Os Estados Unidos enfrentam uma das maiores crises políticas das últimas décadas. Com o impasse no orçamento federal ainda sem solução, o governo do presidente Donald Trump iniciou demissões em massa de funcionários públicos considerados “não essenciais”, em uma medida que especialistas classificam como sem precedentes.
Historicamente, em períodos de paralisação (“shutdown”), servidores são apenas suspensos temporariamente e readmitidos após a aprovação do orçamento.
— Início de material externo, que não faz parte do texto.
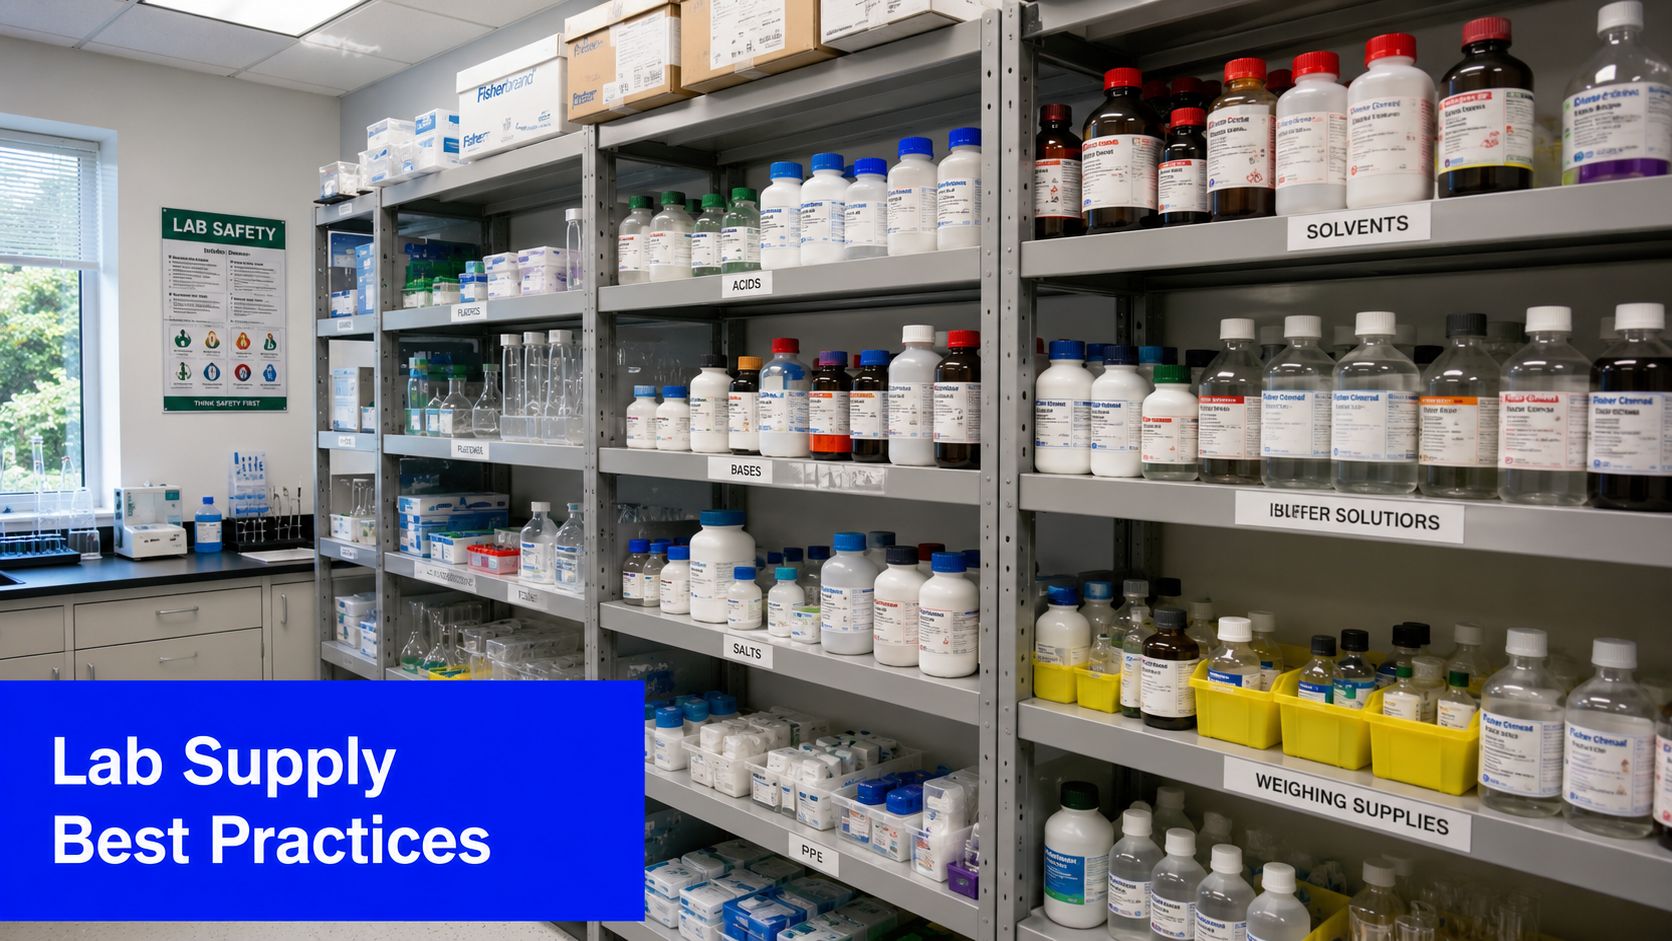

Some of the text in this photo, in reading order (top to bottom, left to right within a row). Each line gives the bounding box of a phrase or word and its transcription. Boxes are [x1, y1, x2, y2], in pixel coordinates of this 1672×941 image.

[477, 69, 535, 103] Fisherbrand
[173, 217, 276, 241] LAB SAFETY
[1307, 215, 1409, 239] SOLVENTS
[732, 277, 762, 291] ACIDS
[194, 400, 260, 408] THINK SAFETY FIRST
[731, 463, 762, 477] BASES
[733, 643, 762, 660] SALTS
[1256, 772, 1449, 836] WEIGHING SUPPLIES
[801, 844, 823, 864] PPE
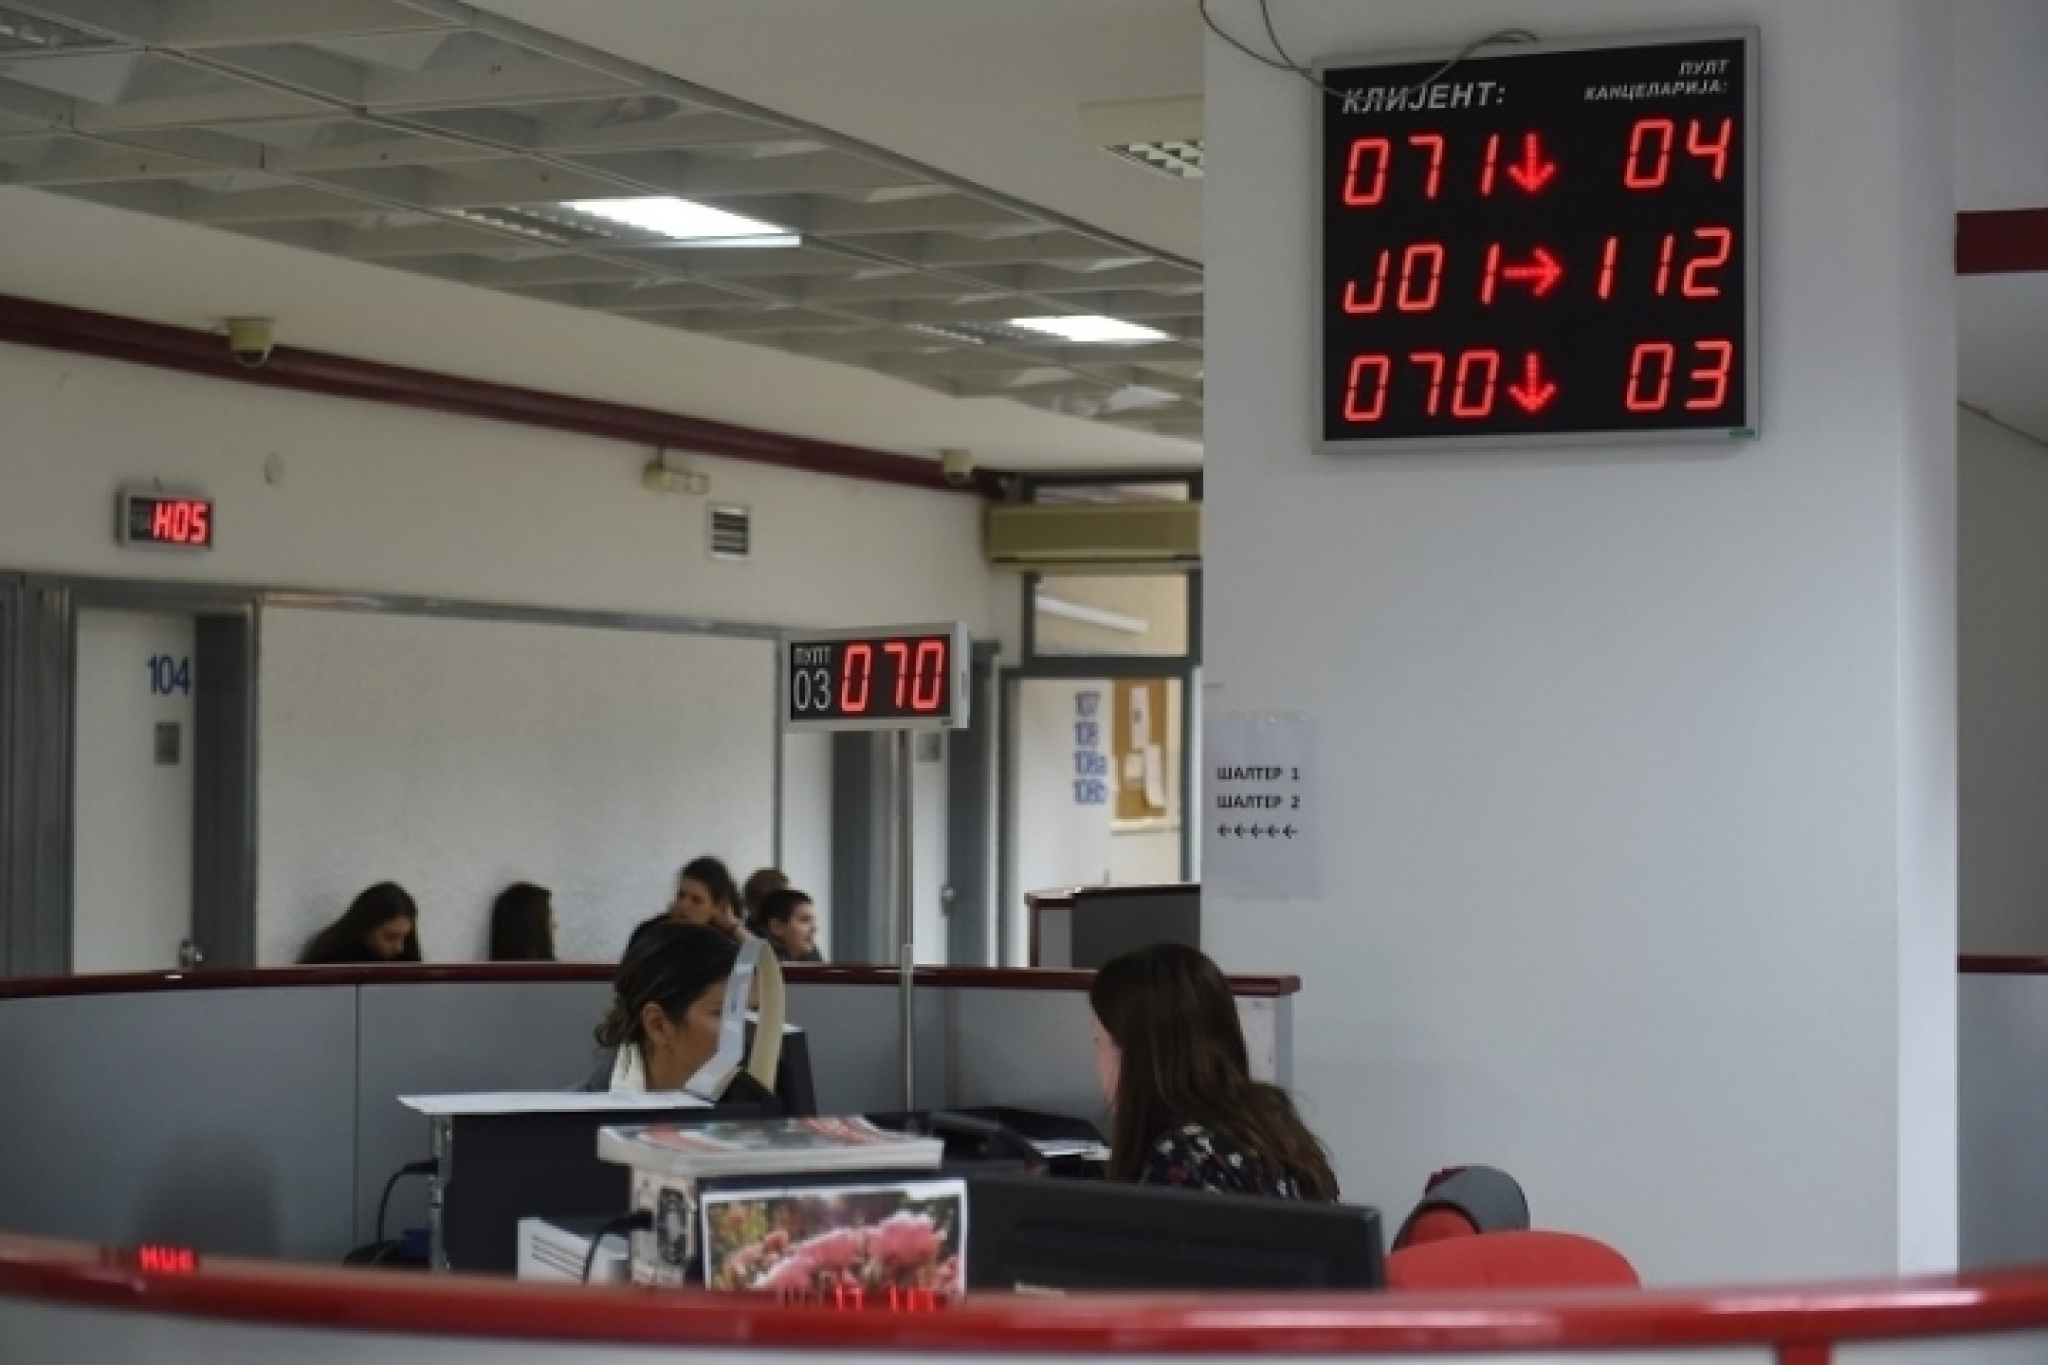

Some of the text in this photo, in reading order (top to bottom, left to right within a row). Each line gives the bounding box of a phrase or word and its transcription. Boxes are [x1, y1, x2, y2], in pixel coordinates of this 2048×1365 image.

[1678, 59, 1730, 77] ПУЛТ
[1342, 81, 1506, 114] КЛИЈЕНТ:
[1342, 117, 1733, 206] 071 04
[1599, 227, 1732, 299] 112
[1343, 340, 1733, 422] 070 03
[146, 654, 191, 697] 104
[793, 640, 945, 711] 03 070
[1217, 766, 1301, 781] ШАЛТЕР 1
[1217, 794, 1301, 809] ШАЛТЕР 2
Desta vez, porém, a Casa Branca optou por demitir permanentemente milhares de trabalhadores, alegando necessidade de “enxugamento estrutural da máquina federal”.
A decisão provocou protestos de sindicatos e forte reação no Congresso, especialmente entre os democratas, que acusam Trump de usar o caos orçamentário como ferramenta política.
Paralelamente, o governo mobilizou a Guarda Nacional em várias cidades, justificando a medida como uma “ação preventiva contra distúrbios civis” — o que críticos veem como tentativa de militarizar a administração civil.
Governadores de estados democratas, como Califórnia e Nova York, ameaçam entrar com ações judiciais contra o governo federal, alegando abuso de poder.
Enquanto isso, o impasse político impacta diretamente a economia: bolsas caem, contratos federais são suspensos e programas sociais enfrentam cortes abruptos.
Analistas veem a crise atual como um teste extremo para as instituições americanas, que precisarão provar sua resiliência diante de uma presidência cada vez mais centralizadora e controversa.